Liam Casey, The Canadian Press | posted Thursday, Sep 10th, 2020

Massive crowds and parties in an eastern Ontario university town have drawn criticisms from local residents and formal calls for greater co-operation to curb the spread of COVID-19.

Police and city officials in Kingston, Ont., said they’ve had to close a popular pier and beach due to crowding and issue a number of tickets since thousands of students flooded back into the city earlier this month. Local residents said they’ve also taken to the streets to break up parties in recent days.

Jeff Masuda, a Queen’s University professor, spent the early morning hours of Sunday on the long weekend trying to get dozens of Queen’s students — his neighbours — to stop partying and to abide by COVID-19 laws.

It didn’t work.

The maskless group shouted, drank and tossed beer bottles while hanging out outside and ignoring physical distancing guidelines, he said. Some yelled at the two police officers who were called to the area to deal with them, he said, while others took off to continue the night elsewhere.

Masuda walked around his neighbourhood near campus and said there were parties everywhere, including an abandoned hospital site where the same officers had shown up to deal with more revellers.

It didn’t seem like police were doing much, he said.

“There were hundreds of students mixing together across the university district,” he said.

“So now we are left in a position to wait and hope for the best.
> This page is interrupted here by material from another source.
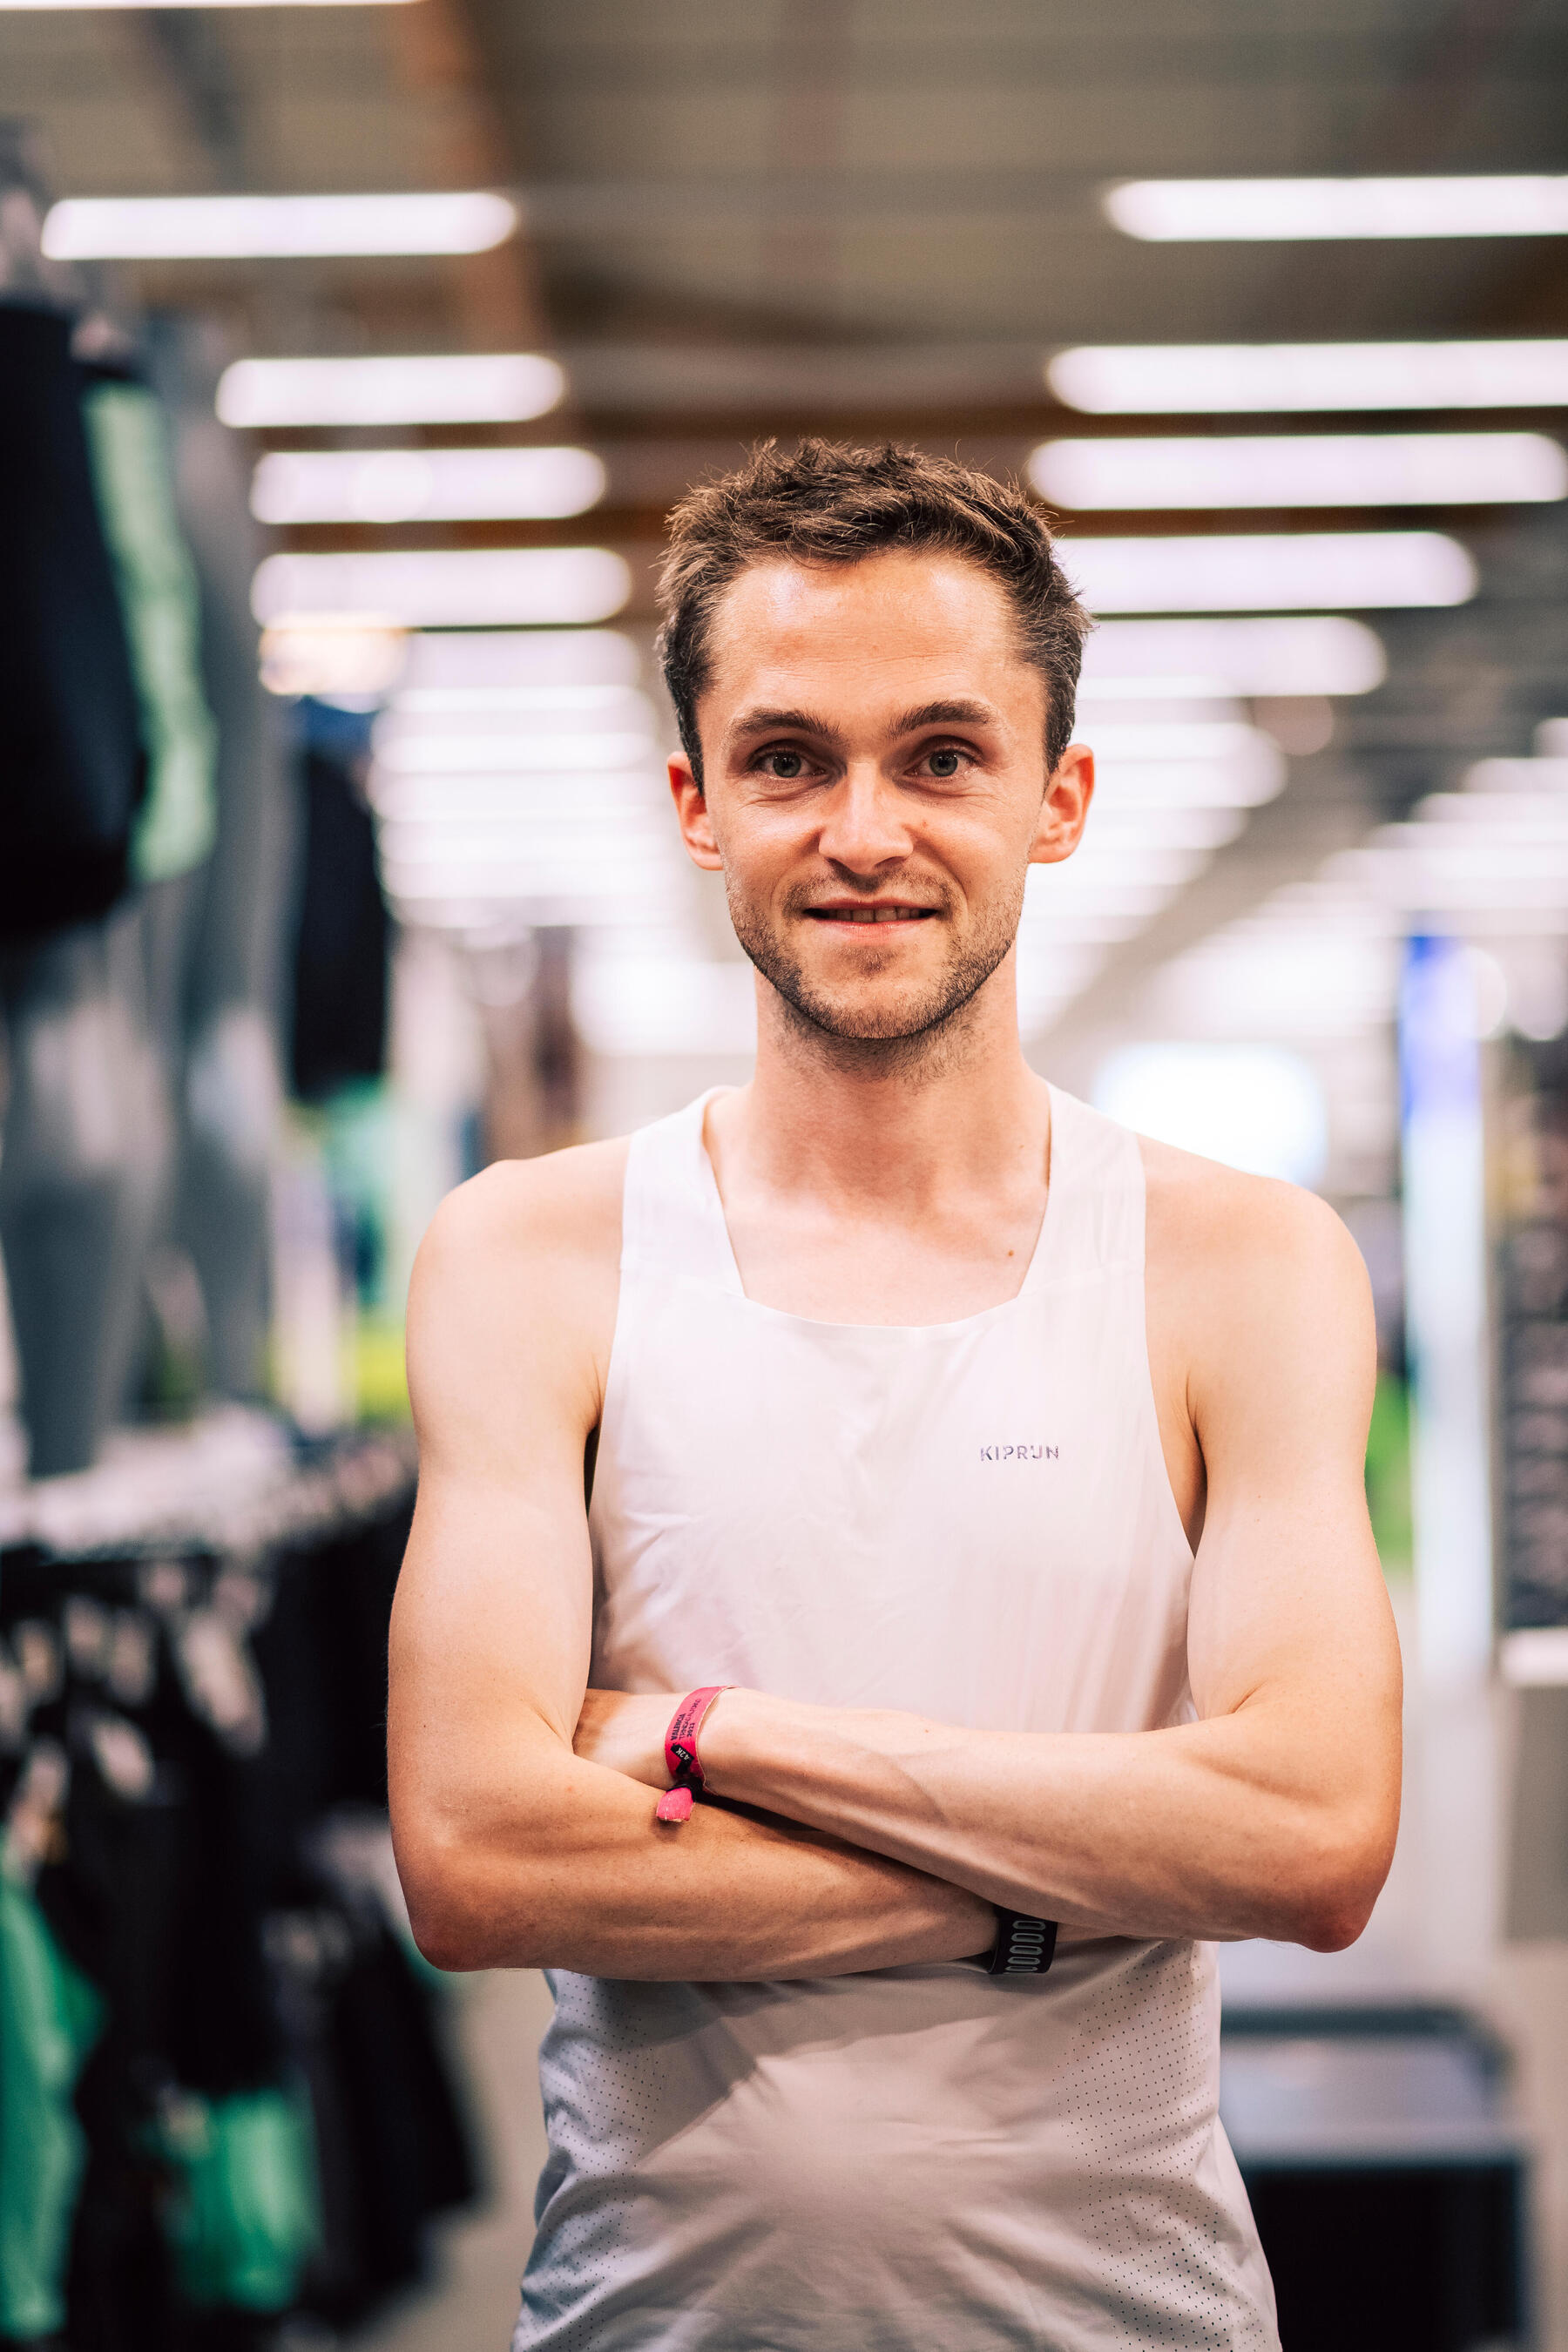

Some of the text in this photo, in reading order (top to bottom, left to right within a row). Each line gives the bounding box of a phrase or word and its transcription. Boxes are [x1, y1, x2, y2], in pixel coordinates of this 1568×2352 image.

[980, 1444, 1059, 1462] KIPRUN
[671, 1713, 686, 1740] VALENCIA
[676, 1747, 690, 1760] 42K
If COVID came, it’s already spread.”

The region has gone largely unscathed by COVID-19. There is currently one active case of the disease and 112 cases in total since the novel coronavirus made it to Canada. No one has died from the disease.

Kingston has a large student population even during the pandemic. While Queen’s University has limited in-person learning to about 6,600 students, or a quarter of its total population, many students learning online have returned to the city.

That has left Masuda, a professor of kinesiology and health, frustrated with the city’s plan to deal with partying students.

“Whatever plan was put in place, it failed,” Masuda said.

“It was a massive breach of COVID guidelines in the community.”

Mayor Bryan Paterson said the city, the local public health agency, police and Queen’s are doing their best.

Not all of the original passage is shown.